Yet once he had given due lip service to the pro-Confederate Appalachians (in a mere two sentences), Wilson moved on to his real focus—nearly two pages extolling the Union loyalists of West Virginia, Kentucky, and East Tennessee. He made his case in quantitative terms: “The Federal forces actually recruited from the southern Appalachians were as considerable in number as were the armies of the American Revolution gathered from all the thirteen colonies,” he asserted, “and considerably exceeded the total of both mighty armies that fought at Gettysburg.” He boasted that his own congressional district “claims the distinction of having sent a larger percentage of its population into the Union army than did any other congressional district in the entire country.” He noted that these Appalachian loyalists “cleft the Confederacy with a mighty hostile element that not merely subtracted great armies from the enrollment of the Confederacy, but even necessitated the presence of other armies for the control of so large a disaffected territory.”25
Wilson stressed as well the risks taken by mountain Unionists and suggested that their contribution to Federal forces may have tipped the conflict’s ultimate resolution. “Their soldiers,” he maintained, “were not conscripted or attracted by bounty, but rather in most cases ran the gauntlet through hostile forces for one, two, or three hundred miles to reach a place where they could enlist under the flag of their country” (a half-truth at best, since it hardly applied to those very areas of Union strength that he had just documented so forcefully). Like both his predecessors and those who followed, he suggested that while it might have been an exaggeration to say that “the loyalty of the Appalachians decided the great contest, that loyalty certainly contributed substantially to the decision.”26
The two most notable female chroniclers of the highland South during this era made little reference to the war and were less explicit or categorical in their characterizations of Appalachia’s wartime loyalties. Both Emma Bell Miles in The Spirit of the Mountains (1905) and Margaret W. Morley in The Carolina Mountains (1913) wrote only fleetingly about the war, yet they made very different suggestions as to what it meant to their highland subjects.

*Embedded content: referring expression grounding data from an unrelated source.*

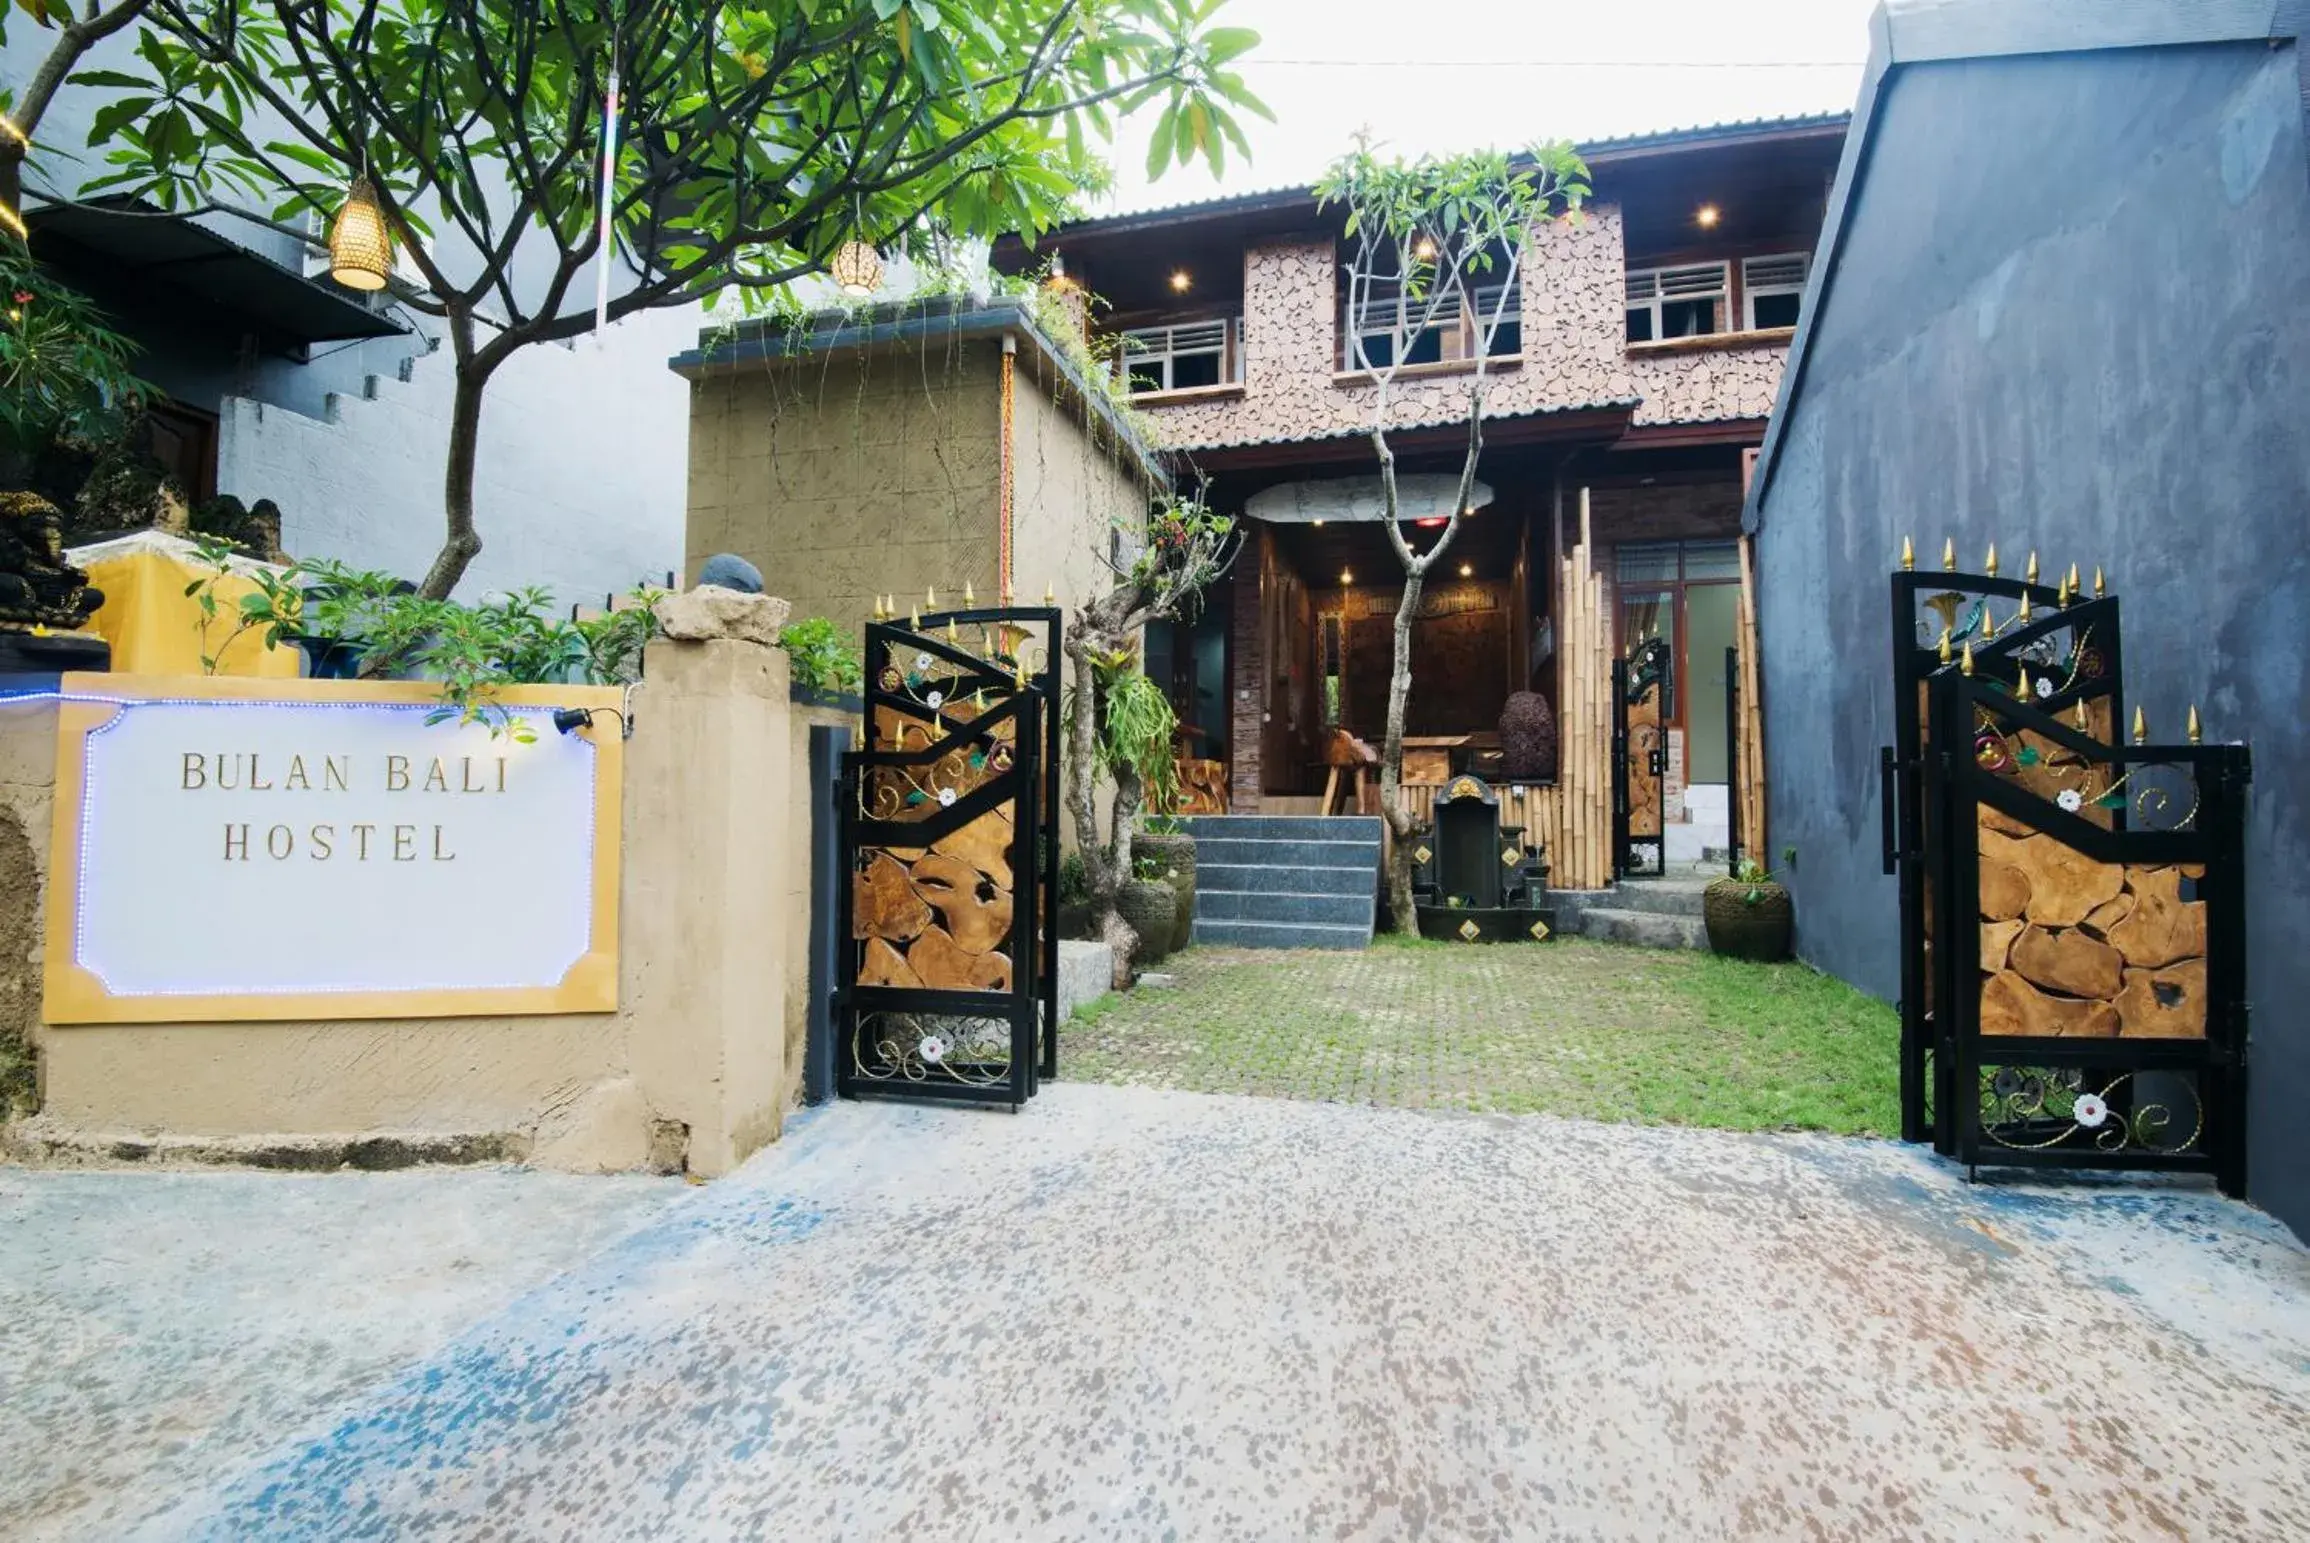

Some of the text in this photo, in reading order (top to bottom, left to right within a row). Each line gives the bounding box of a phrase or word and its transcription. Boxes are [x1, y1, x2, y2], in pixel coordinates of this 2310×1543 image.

[182, 752, 507, 793] BULAN BALI
[224, 823, 456, 861] HOSTEL
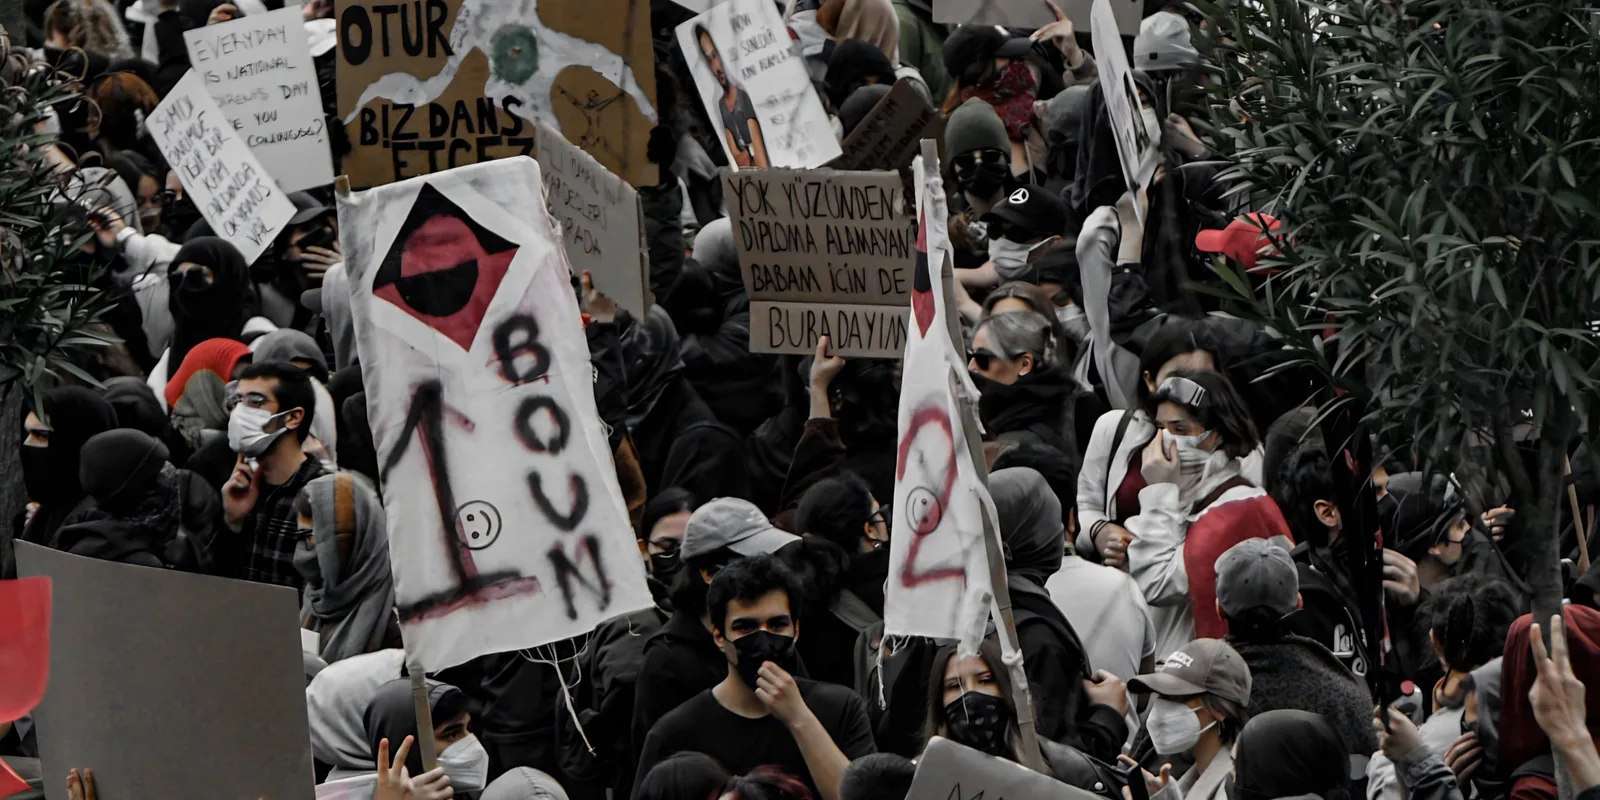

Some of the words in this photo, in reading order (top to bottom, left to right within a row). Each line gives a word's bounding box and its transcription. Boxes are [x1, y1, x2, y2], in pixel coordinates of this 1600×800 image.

[194, 25, 286, 61] EVERYDAY
[340, 0, 455, 65] OTUR
[279, 82, 308, 100] DAY
[253, 110, 278, 126] YOU
[429, 95, 523, 138] DANS
[728, 176, 777, 217] YÖK
[782, 176, 895, 221] YÜZÜNDEN
[739, 218, 818, 253] DİPLOMA
[826, 224, 910, 259] ALAMAYAN
[751, 264, 822, 292] BABAM
[827, 262, 866, 295] İÇİN
[878, 268, 907, 295] DE
[896, 406, 967, 588] 2

Born in Indiana and raised, until the age of ten, in north central Kentucky, Miles spent her adolescence and most of her adult life in and around Chattanooga. Her parents taught school on Walden’s Ridge (now known as Signal Mountain), which overlooked the city yet seemed quite remote from its influences, both economically and culturally. It was the residents of Walden’s Ridge that Miles took as her archetype Appalachians, drawing on their customs, beliefs, and simple lifestyle to generalize about the southern highlanders as a whole. The result was a study that is as much that of a folklorist as an ethnographer. Whereas she exhibited a genuine affection for her subjects and frequently identified herself with them, Miles was often patronizing in extolling the virtues of their isolation, their harmony with the natural world, and their long-held traditions. She downplayed the more degenerate attributes of feuding and moonshine so prevalent at the time, dismissing them with only the slightest of lip service. “Feuds are part of the price we pay for the simplicity and beauty of mountain life—for its hospitality, for its true and far-reaching family ties,” she wrote. She even suggested that they were a mere phase to be withstood: “I do not say the inevitable price, for the lawless fighter, along with illicit whiskey, is bound to disappear; but these ugly features are, under present conditions, the price of the tribal bond.”27
Miles displayed remarkably little sense of history in her descriptions of southern mountain life. It seems especially odd that someone who spent so much of her life in and around Chattanooga would have no more sense of the Civil War’s impact than Miles demonstrated in her book, given the tangible trappings so evident there—battlefields, monuments, and Confederate veterans’ reunions, all of which made the most of the crucial engagements that played out in and around the city in 1863. And yet Miles devoted a mere two sentences to her highland subjects’ role in the war.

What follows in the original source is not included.